▶ Activity: A faithful, complete copy of the entries below is required, with images removed.
....
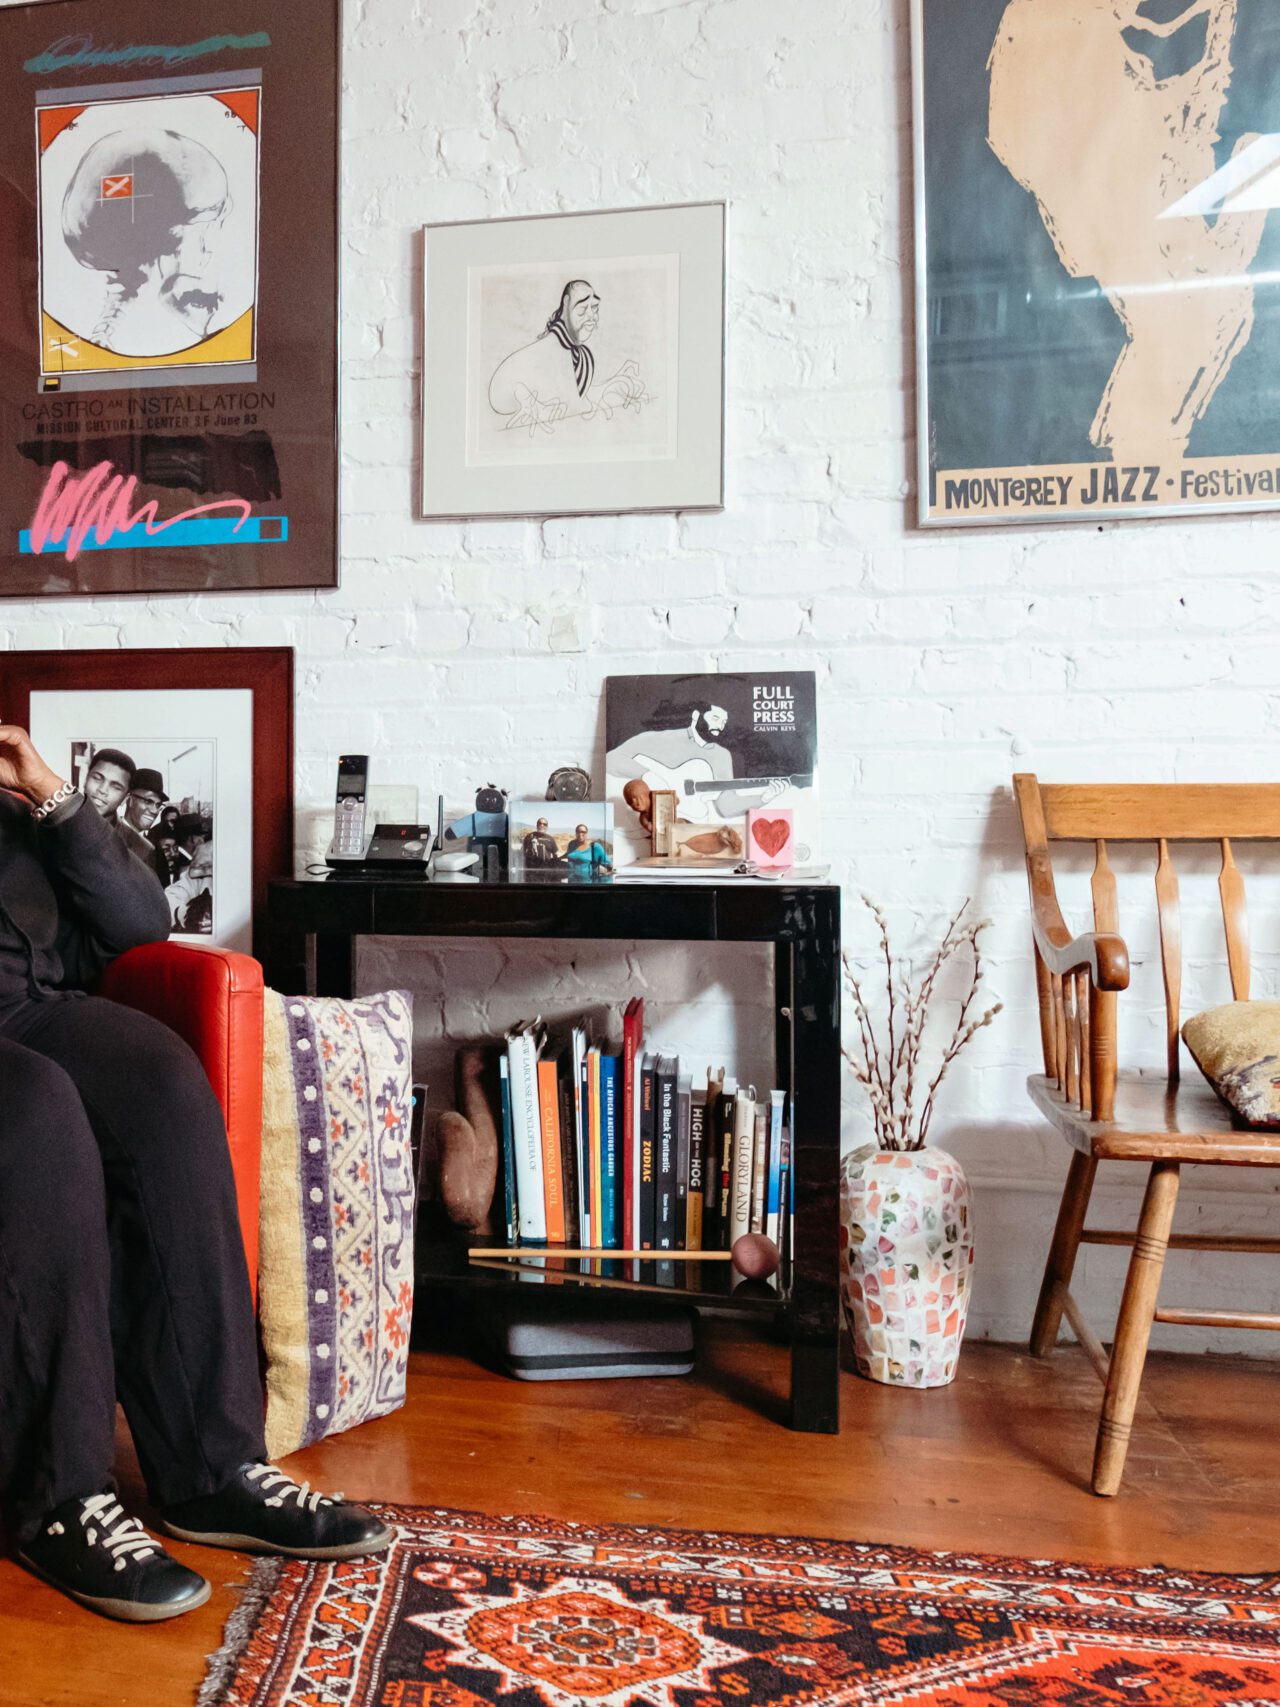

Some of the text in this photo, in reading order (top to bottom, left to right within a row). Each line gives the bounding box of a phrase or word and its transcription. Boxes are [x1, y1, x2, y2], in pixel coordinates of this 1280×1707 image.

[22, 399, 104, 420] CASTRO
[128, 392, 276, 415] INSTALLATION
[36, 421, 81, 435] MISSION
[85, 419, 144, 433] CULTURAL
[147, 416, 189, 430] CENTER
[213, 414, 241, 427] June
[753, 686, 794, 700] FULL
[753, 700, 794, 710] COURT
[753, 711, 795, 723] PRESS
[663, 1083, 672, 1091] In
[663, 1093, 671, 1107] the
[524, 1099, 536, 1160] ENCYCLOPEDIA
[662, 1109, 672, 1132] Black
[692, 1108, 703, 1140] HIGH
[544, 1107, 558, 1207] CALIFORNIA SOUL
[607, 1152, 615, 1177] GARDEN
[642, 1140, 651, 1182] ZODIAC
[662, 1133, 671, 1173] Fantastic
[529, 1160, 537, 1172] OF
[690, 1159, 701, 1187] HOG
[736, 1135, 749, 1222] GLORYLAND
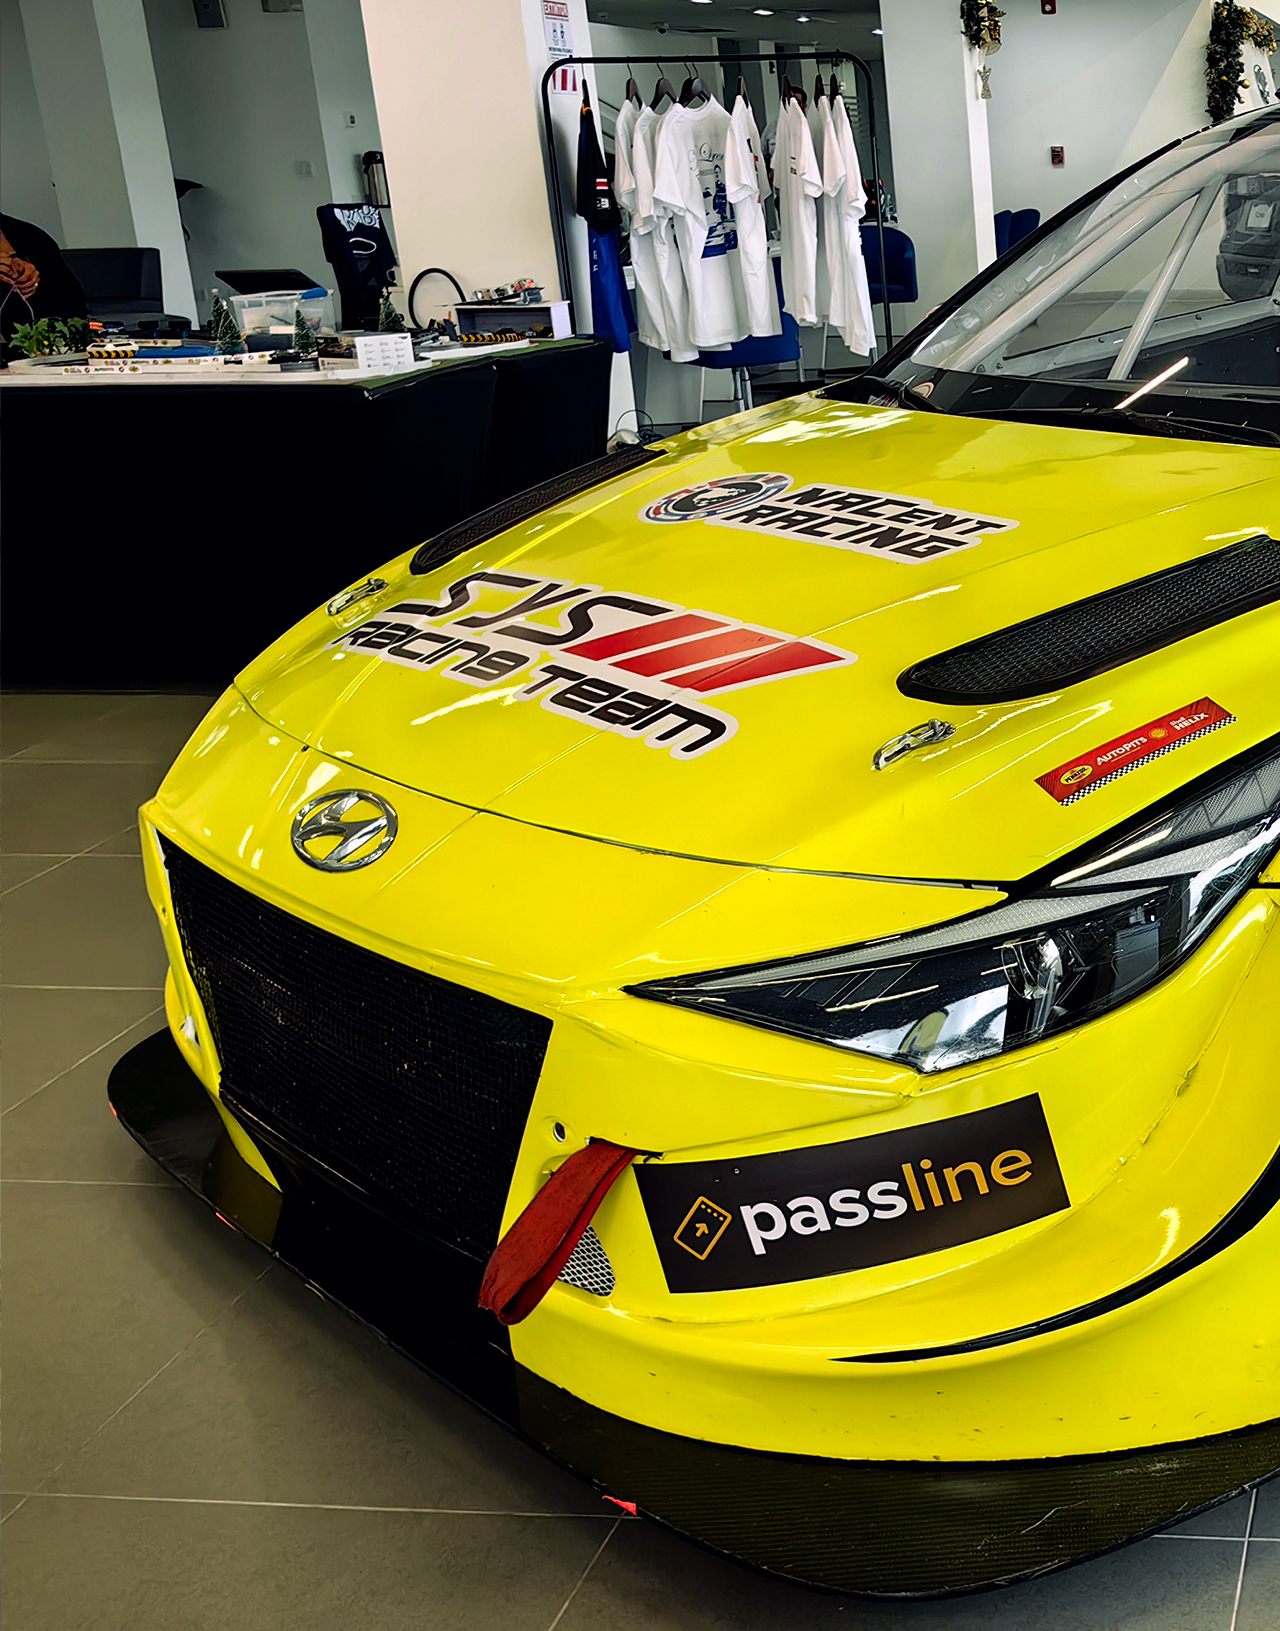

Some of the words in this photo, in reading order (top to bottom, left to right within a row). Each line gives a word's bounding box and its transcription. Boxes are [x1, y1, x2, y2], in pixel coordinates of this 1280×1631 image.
....
▶ Reply to the task:
Some of the text in this photo, in reading order (top to bottom, left to right within a row). Each line gives the bounding box of a phrase or word and its transcription. Boxes are [x1, y1, x2, y2], in pixel coordinates of this 1280×1707 image.

[22, 399, 104, 420] CASTRO
[128, 392, 276, 415] INSTALLATION
[36, 421, 81, 435] MISSION
[85, 419, 144, 433] CULTURAL
[147, 416, 189, 430] CENTER
[213, 414, 241, 427] June
[753, 686, 794, 700] FULL
[753, 700, 794, 710] COURT
[753, 711, 795, 723] PRESS
[663, 1083, 672, 1091] In
[663, 1093, 671, 1107] the
[524, 1099, 536, 1160] ENCYCLOPEDIA
[662, 1109, 672, 1132] Black
[692, 1108, 703, 1140] HIGH
[544, 1107, 558, 1207] CALIFORNIA SOUL
[607, 1152, 615, 1177] GARDEN
[642, 1140, 651, 1182] ZODIAC
[662, 1133, 671, 1173] Fantastic
[529, 1160, 537, 1172] OF
[690, 1159, 701, 1187] HOG
[736, 1135, 749, 1222] GLORYLAND

Some of the words in this photo, in reading order (top to bottom, left to right within a row). Each line gives a word's bounding box and its transcription. Boxes are [x1, y1, x2, y2], in pixel coordinates of this 1280×1631 image.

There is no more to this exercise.